The Essential Guide to Securing Commercial Properties Against Physical Breaches

commercial properties against physical breaches

The first time a locksmith sees your building can’t be after a break-in. Get to know a locksmith before you need one, and work with them to develop a strategy that understands and protects your assets, whether people or information.

Start With The Shell, Then Work Inward

The external perimeter of a commercial building is your first line of defence. But, are your gates, bollards, and external entry points being evaluated for aesthetics or sturdiness? Approximately 35% of commercial burglary incidents involving hardware or lock failures were due to forced entry (Australian Institute of Criminology), but all too often the weak spot is the easiest to identify: the physical lock or door.

When the perimeter entry points are evaluated, the layout of the inside of your building becomes equally important. High-value zones (server rooms, executive offices, archive storage, etc.) should be put behind a secondary entry layer. This zoning approach means that a breach at the front door doesn’t automatically give access to the heart of your operation. The perimeter deters would-be thieves. The internal zones slow down and hopefully contain the thief who felt they needed to press further.

Why Restricted Keying Changes The Risk Profile

The vulnerability of traditional commercial key systems is due to the fact that an exact copy of the key can be made at any hardware kiosk without the keyholder’s permission or even their knowledge. The business you manage may have been using the same keying system for the past 30 years and not had a single issue, but the sad truth is that you would have no way of knowing. This leaves a key system vulnerable to former employees, contractors, or anyone else who had access to it for a short period of time. A stray key that isn’t considered lost.

In contrast, restricted keyway systems put a complete stop to this. The profile of the keyway is patented. That means retailers aren’t allowed to carry the blanks needed to machine a key, even if they wanted to. Without the requisite blank, the only way to authorize a duplication is through the keyholder of record. This ensures that the person’s permission is always secured first and a paper trail is created. Naturally, all of this is only as effective as the quality of the initial setup, which is why the lock installations Perth businesses and residents choose can make all the difference. If the cleanliness contract was switched to another business all a manager would have to do would be to let the custodial staff go and rekey the building. A very simple solution.

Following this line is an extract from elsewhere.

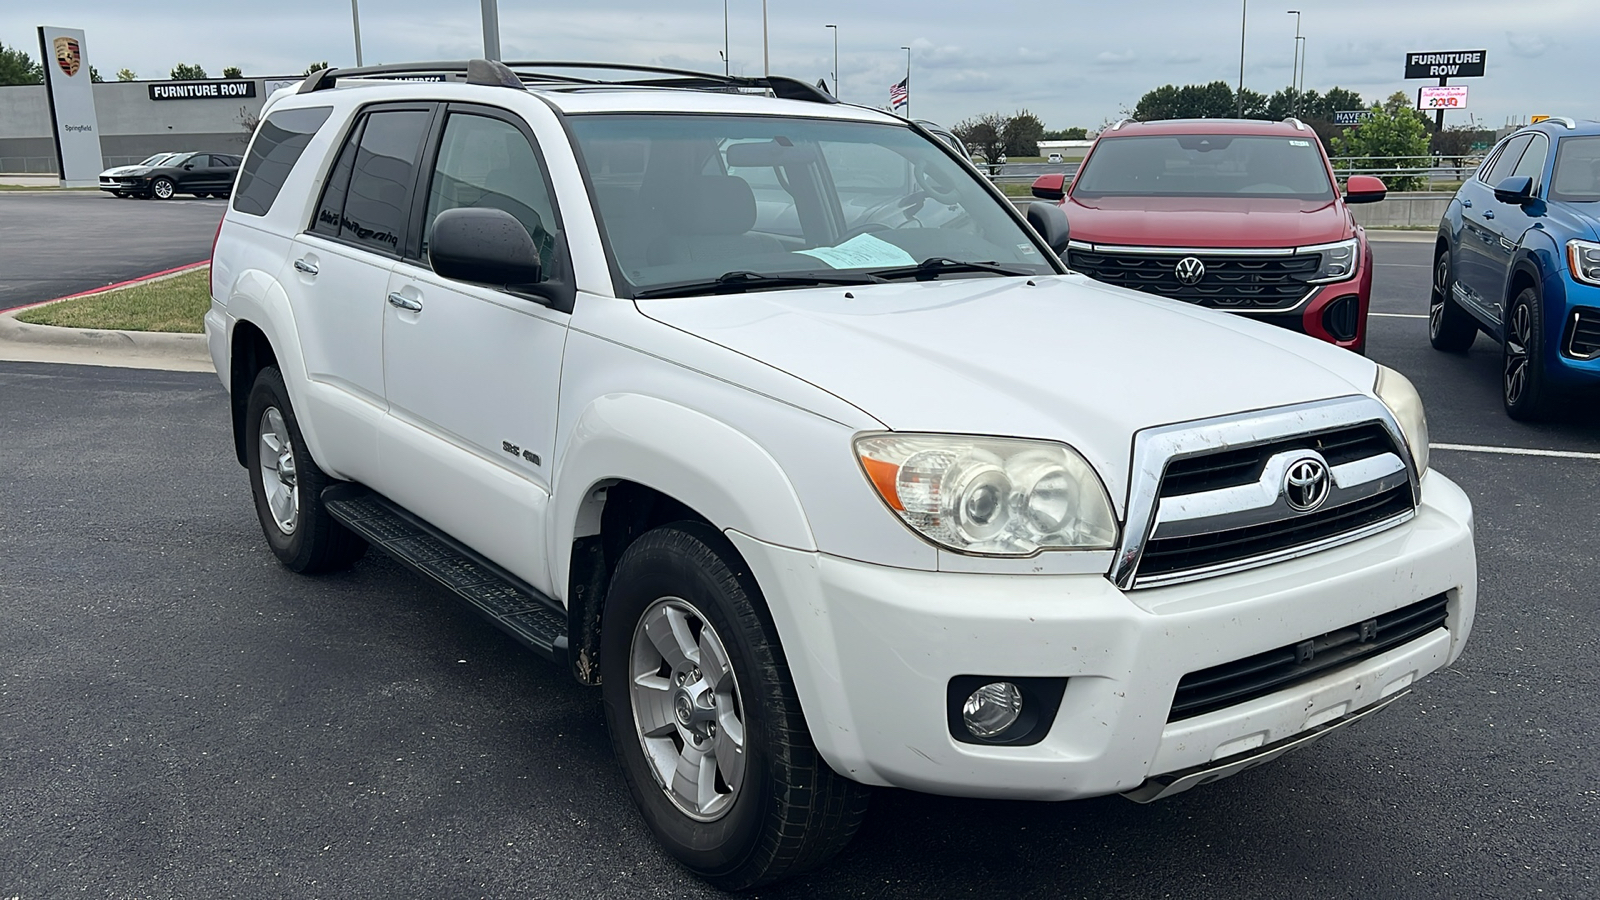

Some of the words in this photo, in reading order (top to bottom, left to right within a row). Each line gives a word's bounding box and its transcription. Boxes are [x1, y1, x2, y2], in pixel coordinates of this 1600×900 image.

The Audit Trail That Physical Keys Can’t Give You

A key pass card or fob can be deactivated immediately, as can a phone app. Whether someone lost a key or is no longer allowed entry, the response is the same: press a button, and create a new entry in the log.

Onboarding new employees, temporary staff, or visitors is also easier with access control systems. Rekeying valuables is not the answer. Instead, program a temporary access code for their visit, or issue them a temporary card. The system can even be set to only give that credential access during certain hours – the duration of a shift, for example, or only during approved visiting hours.

Compliance, Egress, And The Hardware No One Checks

Security improvements must be carefully balanced to maintain safety. For example, if egress is impeded during a panic situation, your liability costs can dramatically increase. This is most commonly ignored during installation, where the wrong screws can make easy access for maintenance turn into a nightmare for security.

It’s not as simple as a lock being fire-rated either. Fire doors must be self-closing and latching every time. It is acceptable to use an electrified lock on a fire door, provided it fails open on a power loss. Many locks don’t come with the fail-secure feature standard, so for property managers, it’s safer to assume the installer has chosen a lock that remains locked unless power is applied.

It is also necessary for your system to release all locks in a power loss, and for this specific safety system, running on emergency backup power, to still secure and protect your premises. Some systems do this by default, others require partial re-wiring or installing auto-door closers. Since that adds cost, the conversation often doesn’t come up until after install.

Maintenance Is Part Of The System, Not An Afterthought

More often than not, people are not aware of how often commercial door hardware fails because the number of usages cannot be compared to residential environments. For instance, a door closer used in a busy retail store or office can cycle several hundred times per day. Seals wear out. Springs get looser. Alignment goes off. A lock may have passed the initial test of time upon installation but start to leave your door exposed a year and a half later, and no one is the wiser.

When you have bi-annual maintenance checks set up for your high-traffic entryways this is all caught before issues can become points of entry. A professional commercial locksmith directs your attention to wear issues, re-aligns strike plates, tests the resistance of the cylinder and alerts you to hardware coming close to end of cycle life. Physical security isn’t a single installation. It’s a system that must be managed, monitored, and adjusted as a business and its associated risks grow.